Ve sonra insanlar. aşk avı. Ve avlanma sayesinde turlar yeryüzünden silindi. Önce Kuzey Afrikalı, sonra Mezopotamyalılar yoktu ... Yakında, turlar sadece Orta Avrupa'da kaldı, ancak Orta Çağ'daki ormansızlaşma ve 15. yüzyılda aktif avlanma nedeniyle, vahşi boğalar yalnızca modern topraklarda kaldılar. ulaşılması zor ormanlarda saklandı. 16. yüzyılın sonunda, turlar korunmaya başlandı, ancak çok geçti. O zamana kadar, sadece Varşova yakınlarında yaşıyorlardı ve sayıları keskin bir şekilde azaldı. Ve 1620'de, yedi yıl sonra doğal sebeplerden ölen sadece bir kadın hayatta kaldı. Böylece turlar yeryüzünden kayboldu.

Bugün bilim adamları, bu şaşırtıcı hayvanların popülasyonunu canlandırma girişimlerini bırakmıyorlar. Eski türlere en çok benzeyen modern boğa türleriyle (özellikle İspanyol ve İtalyan türleriyle) deneyler yapıyorlar, ancak ne yazık ki girişimler istenen sonuca yol açmıyor.

HİTLER'İN BAŞARISIZ PLANI

Bu arada, Naziler bir zamanlar benzer bir sorunla karşı karşıya kaldı. 1930'larda, tarih öncesi manzarayı ve flora ve faunasını restore etmek için bir proje vardı. Goering projenin küratörü oldu ve Heinz ve Lutz Heck kardeşler geçmiş türlerin yeniden canlandırılması üzerinde çalıştılar.
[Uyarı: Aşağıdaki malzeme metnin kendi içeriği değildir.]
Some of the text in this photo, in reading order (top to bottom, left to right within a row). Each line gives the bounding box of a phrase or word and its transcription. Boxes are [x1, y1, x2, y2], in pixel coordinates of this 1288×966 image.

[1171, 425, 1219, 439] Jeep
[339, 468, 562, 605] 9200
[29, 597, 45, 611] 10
Lutz, Berlin Hayvanat Bahçesi'nin müdürüydü ve Heinz, Münih Hayvanat Bahçesi'nin müdürüydü. Hitler iktidara gelmeden çok önce, kardeşler turu ve orman muşambasını yeniden yaratmaya başladılar. Yeni turlar çıkarmaları yaklaşık 14 yıl sürdü. Onları yaratmak için oldukça agresif İspanyol boğaları ve bizonları aldılar. Her ikisi de özenle seçilmişti çünkü yeni turun büyük bir vücut ağırlığına ve uzun boynuzlara sahip olması gerekiyordu.

1932'de "Heck bull" olarak adlandırılan bir canavar doğdu, ancak turdan uzaktı. Hake sadece 600 kg ağırlığındaydı ve renk aynı değildi. Belki de hakeleri turlarla birleştiren tek şey, kesinlikle her şeye yönelik saldırganlıklarıydı: insanlara, hayvanlara, ağaçlara.


Heck boğa uzun yıllar sadece Münih ve Berlin hayvanat bahçelerinde görülebildi. Cinsin üreme programı o kadar popülerdi ki, yetiştirilen ilkel boğalar gelişti ve II. Dünya Savaşı sırasında Nazi propagandasında kullanıldı. Naziler, Belovezhskaya Pushcha'yı turlarla doldurmayı ve onları eğlence için avlamayı hayal ettiler, ancak planlar uygulanamadı, Hake Yetiştirme Merkezi hava saldırılarıyla tahrip edildi ve kaçan hayvanlar, çok oldukları için sokaklarda vuruldu. agresif

Sezar'ın Dikkatine Değer

Vahşi tur hakkında bilgiler birçok el yazmasında bulunur. Julius Caesar, Galya Savaşı Üzerine Notlar'da, fillerden daha küçük olduklarını ve boğaların akrabası olduklarını yazarak, turlardan bahsetmeyi unutmadı.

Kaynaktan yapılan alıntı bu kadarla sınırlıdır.